Mind Matters: The Highs and lows of cannabis legislation

Ask the expert...

Aodhán Ó Ríordáin

Patricia Casey

The minister with responsibility for drug policy, Aodhan O Riordain, said last week he wanted a "conversation" about decriminalising certain drugs. This was widely taken as referring to cannabis. He said full legalisation was not on the cards. So, what's the difference?

Legalisation means that any and all legal barriers to purchasing cannabis would be removed with regulation in a similar manner to those governing alcohol or cigarettes. In addition there would be no criminal implications for those who sell or buy it.

On the other hand, decriminalisation would lessen charges against casual users, meaning that anyone caught in possession of small amounts of cannabis would be subject to some penalty but would not face criminal charges in court.

Several states have recently decriminalised or fully legalised cannabis in the US. Cannabis use has been tolerated and decriminalised in Holland since the 1970s.

Coffee shops - specialising in cannabis, not coffee - mushroomed and were seen as safe places for those 18 years and over to relax and have a puff.

In the last number of years the Dutch have been examining the impact of this change, as concerns grew about drug tourism and the increasingly public use of the drug. As the concentration of tetrahydrocannabinol (THC), the main psychoactive substance in cannabis, increased over the years to a new norm of 16-18pc, worries about mental health and crime associated with its sale also rose.

The Garretsen Commission, established by the Dutch Government, recommended that cannabis with a concentration of THC higher than 15pc be made illegal and that tourists be banned from coffee shops.

The recommendations of this commission have now taken effect.

In Britain, under pressure from celebrities and from the British Medical Association, which claimed that cannabis had useful medical properties, the government decided to allow it for personal use in 2004.

By 2007 scientific evidence was emerging that cannabis was not as benign as had been thought and the Independent newspaper, which previously campaigned for its decriminalisation, now reversed its position with the front page headline 'Cannabis: An Apology'.

It continued 'If only we had known then what we can reveal today'. In January 2009, cannabis was upgraded again to a Class B drug in Britain.

The issue of decriminalisation is of crucial interest to psychiatrists. The key questions for us are whether cannabis decriminalisation will increase the usage of cannabis in the population as a whole and if this will increase the rate of mental illness.

The definitive study by Professor Wayne Hall, drugs advisor to the World Health Organisation, was published in the journal Addiction in October 2014. It found that one in six teenagers who regularly smoke cannabis become dependent on it; it doubles the risk of developing schizophrenia; regular use in the teenager impairs intellectual development; those who use it are more likely to use harder drugs such as heroin or cocaine, and smoking while pregnant reduces the weight of the baby.

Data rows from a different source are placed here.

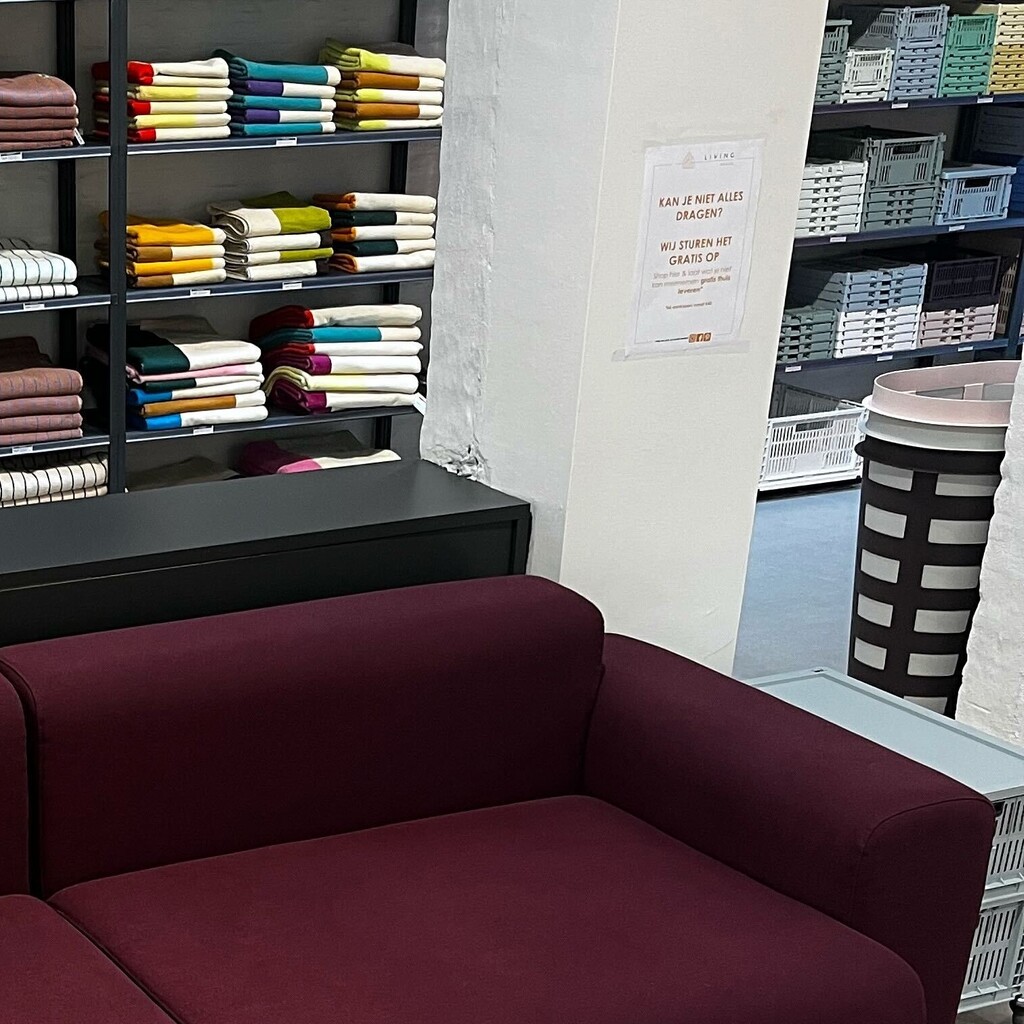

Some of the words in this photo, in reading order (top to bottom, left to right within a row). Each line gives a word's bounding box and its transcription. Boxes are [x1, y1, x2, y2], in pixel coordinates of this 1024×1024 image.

[704, 152, 735, 161] LIVING
[658, 197, 679, 208] KAN
[682, 195, 693, 206] JE
[694, 193, 715, 205] NIET
[717, 191, 744, 203] ALLES
[675, 207, 723, 221] DRAGEN?
[660, 241, 677, 252] WIJ
[679, 239, 714, 251] STUREN
[716, 236, 733, 247] HET
[669, 253, 703, 266] GRATIS
[705, 252, 720, 263] OP

Another review of the scientific research by Professor Nora Volkow, director of the US National Institute on Drug Abuse, and published in the June 2014 New England Journal of Medicine, reached broadly similar conclusions.

In her study 9pc of those who experiment with cannabis will become addicted, while withdrawal symptoms make cessation difficult and contribute to relapse.

Those of us working in the emergency departments of hospitals deal with the effects of cannabis every day. Brief psychotic reactions are common and while comfort might be taken from the word "brief", they can be terrifying for those who witness it and also for the person themselves.

These episodes may augur the onset of a more prolonged psychosis, auguring the transformation into schizophrenia. The effects on motivation and interest, while less dramatic than the experience of hearing voices and feeling persecuted, are well documented, destroying ambition and enthusiasm for life.

Those who already have mental illness fare even worse. Their experience relapses in their illnesses that impair their day-to-day living.

Decriminalisation gives everybody permission to use cannabis but unfortunately there will be casualties.

In an environment that says small amounts is okay, a vulnerable person is likely to be tempted. Just as they were when head-shop drugs were deemed acceptable, those with pre-existing mental illness, or with none, presented in their droves to our emergency departments, deluded, hallucinating and terrified.

The cannabis campaigners ignore these disturbing realities. But the truth is far less pretty than a relaxed young man having a "roll your own" in a coffee shop.